A government ministry was the victim of more than 180 million hacking attempts in less than 18 months.
Three government departments confirmed they have been targeted by hackers and many more have revealed they are under "constant" cyber-attacks.
Foreign hackers are responsible for many of the incursions and government departments are investing in complex IT defence systems to fight a bombardment of digital threats and malicious malware.
In the wake of last month's Budget "hacking" scandal, the Weekend Herald lodged numerous Official Information Act requests to government departments.
The responses reveal a disturbing pattern of repeat attacks and multiple instances where hackers have targeted top ministries and state sector agencies.
The Government Communications Security Bureau (GCSB) describes a hack as "unauthorised access to your network or systems that would constitute a cyber-security incident".
Many of the incidents reported by our government departments meet that definition.
Statistics New Zealand said that between early 2017 and May last year, it was hacked three times.
In these instances, malware – software designed to damage or gain unauthorised access to a computer system – was introduced to the department's systems.
"These have occurred when staff have inadvertently downloaded the malicious software," the OIA said.
However, it stressed that no data was compromised during the attacks.
The Ministry of Transport said that one of its "smaller websites" was hacked in April this year, but it did not confirm which one.
An investigation revealed no loss or corruption of the ministry's data and there was "no further security risk".
Land information New Zealand said it has had one instance of hacking in recent years, where unauthorised access to its network or systems was detected.
LINZ said, like all organisations that had a presence on the internet, it was "constantly under attack".
"This is why we have a multi-layered defence for our IT systems, whereby attacks are detected and blocked by our internet and email protection services."
The Ministry for Primary Industries said although it has had no "cybersecurity incidents" between January 2018 and May this year, it had detected and blocked more than 180 million attempted cyber intrusions over that period.
Victoria University's Cybersecurity Programme director Ian Welch said although the number sounded big, its scale made sense.
"Cybersecurity incidents" could be interpreted in many ways, Welch said. The attacks could range from small denial of service attacks to bigger hacking attempts.
Welch said the attacks were likely to come from a variety of countries, such as Ireland, the US and China.
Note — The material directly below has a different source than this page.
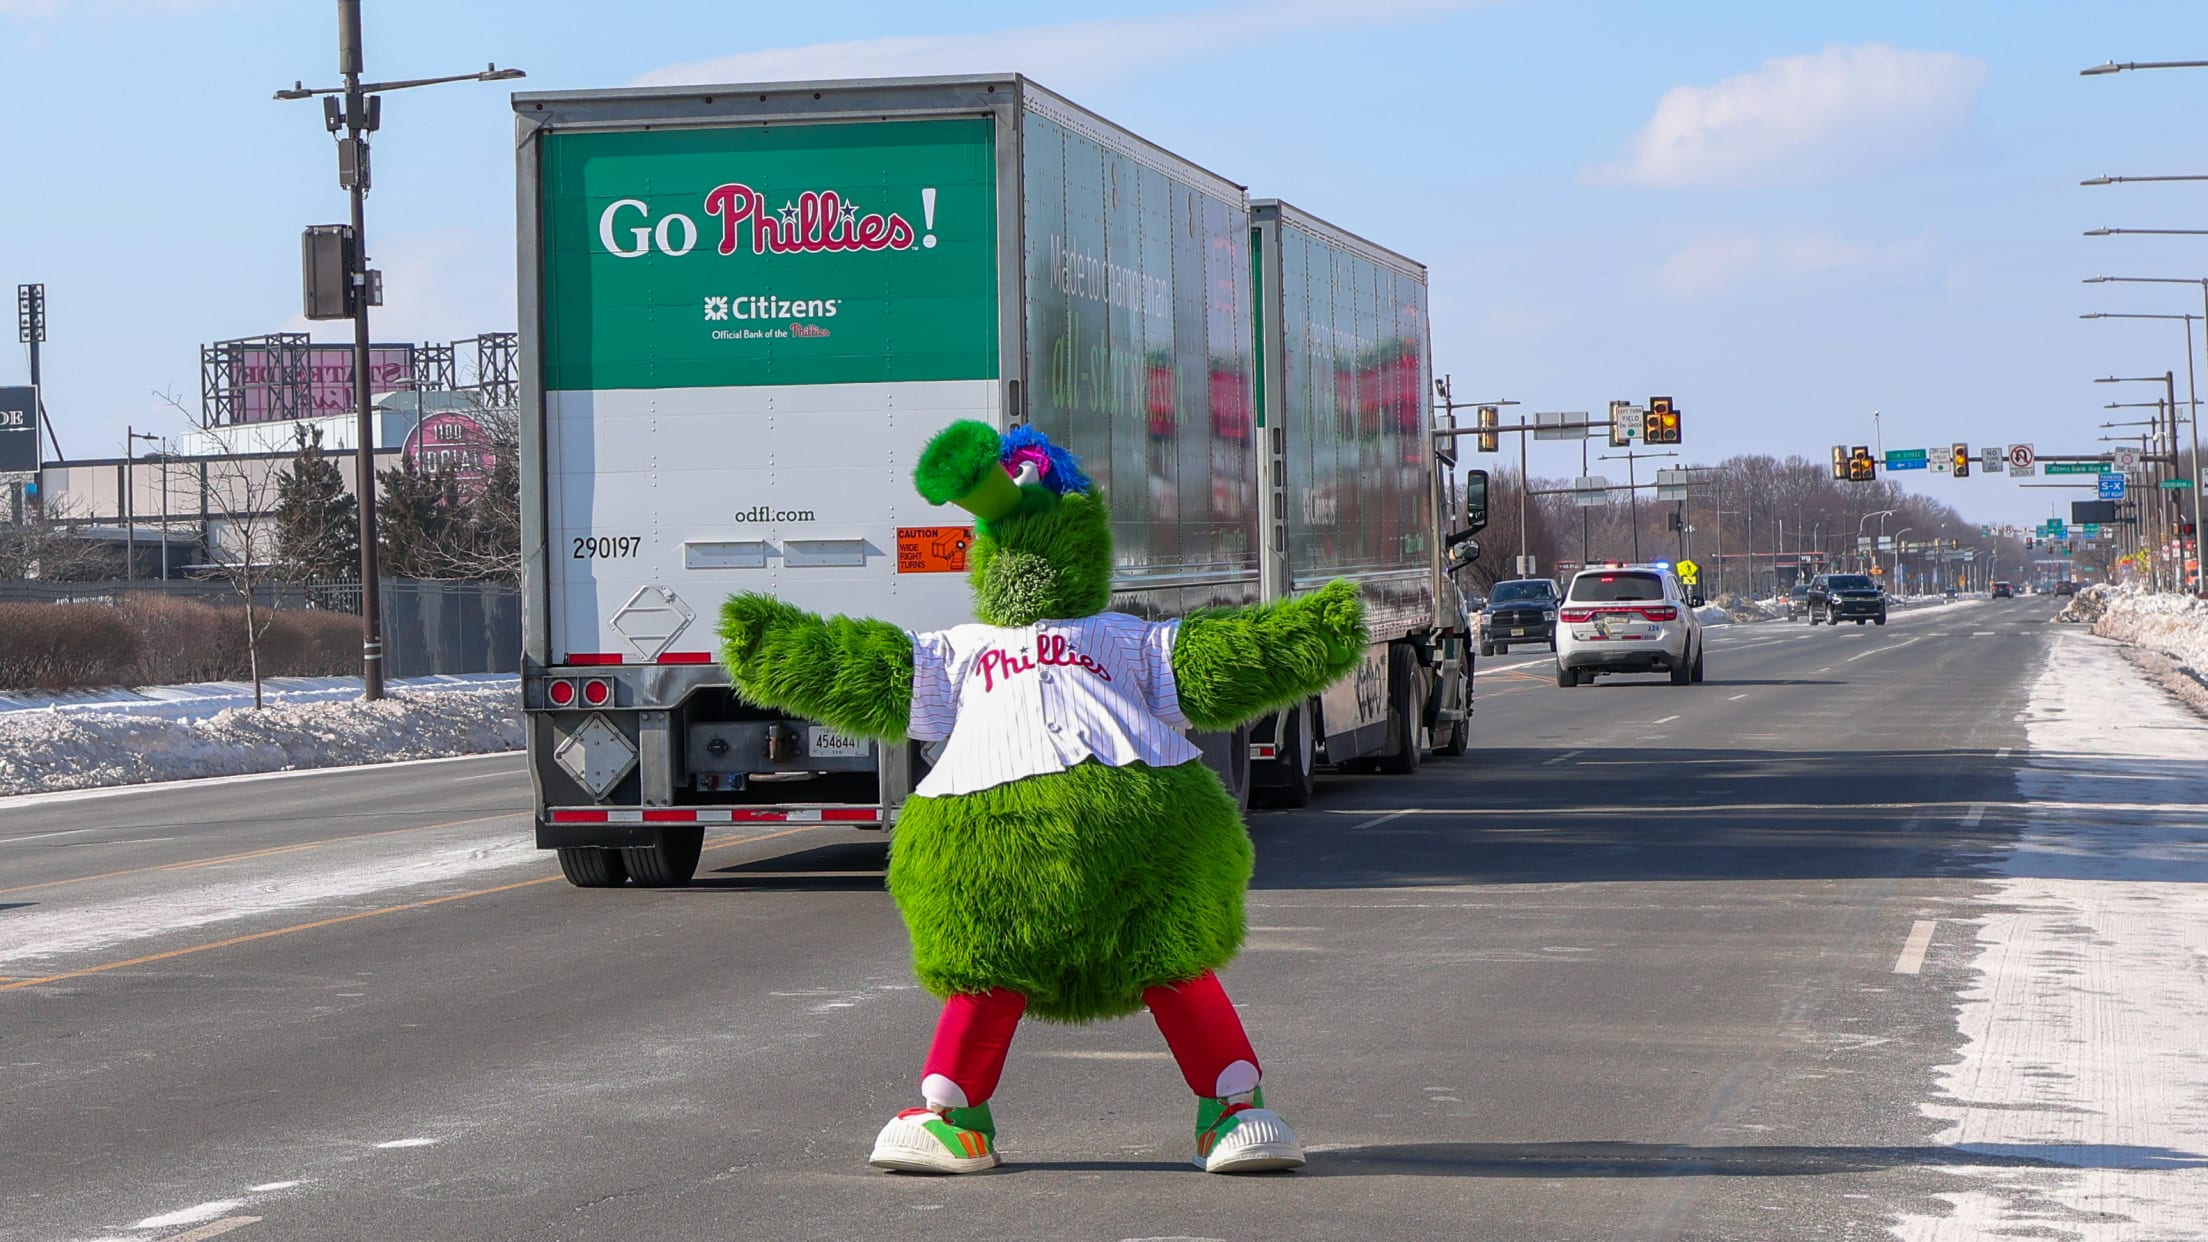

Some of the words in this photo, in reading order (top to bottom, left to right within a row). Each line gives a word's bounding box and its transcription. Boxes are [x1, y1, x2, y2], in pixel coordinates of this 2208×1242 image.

Cyber safety has shifted further into focus after former Treasury Secretary Gabriel Makhlouf said sensitive Budget information had been acquired by a "hack" last month.
Treasury had not, in fact, been hacked and Makhlouf later admitted an "unknown person or persons appeared to have exploited a feature in the website search tool".
As it turned out, that "person or persons" was the National Party, which used the website's search bar to gather information.
In its report into Makhlouf's response, the State Services Commission said his likening the incident to a persistent attack on a bolted door fell short of the standards of a public service chief executive.
But the saga also put the spotlight on what actually defines a "hack". The SSC said there many interpretations of the word, citing various dictionary definitions.
The Ministry of Foreign Affairs and Trade confirmed it was subject to a "substantial number of attempted hacks each day".
It had "significant technology security controls" to defend its systems including firewalls, intrusion detection systems and technical policy settings which could "detect, capture and neutralise malware activities of concern".
The Department of the Prime Minister and Cabinet had not been hacked within the last year but it too said it was under "continuous attack from cyber intrusions".
Many of these attacks were blocked by the DPMC's defensive mechanisms.
The Ministry of Health would not say how many times it had been hacked, saying "it would be inappropriate to publicly disclose operational or technical details of this nature".
However, the ministry did cite "a variety of controls and protective measures" it had in place to fight hacking.
Minister in charge of GCSB Andrew Little said although it was the lead agency for information security across the public sector, each department was ultimately responsible for ensuring its own cybersecurity resilience.
Little said the GCSB provided a range of cybersecurity defence services to help protect government agencies and other organisations of national significance from malicious cyber activity.
He added that the National Cyber Security Centre was developing and offering its new Malware Free Networks service to a broader range of government and private sector organisations.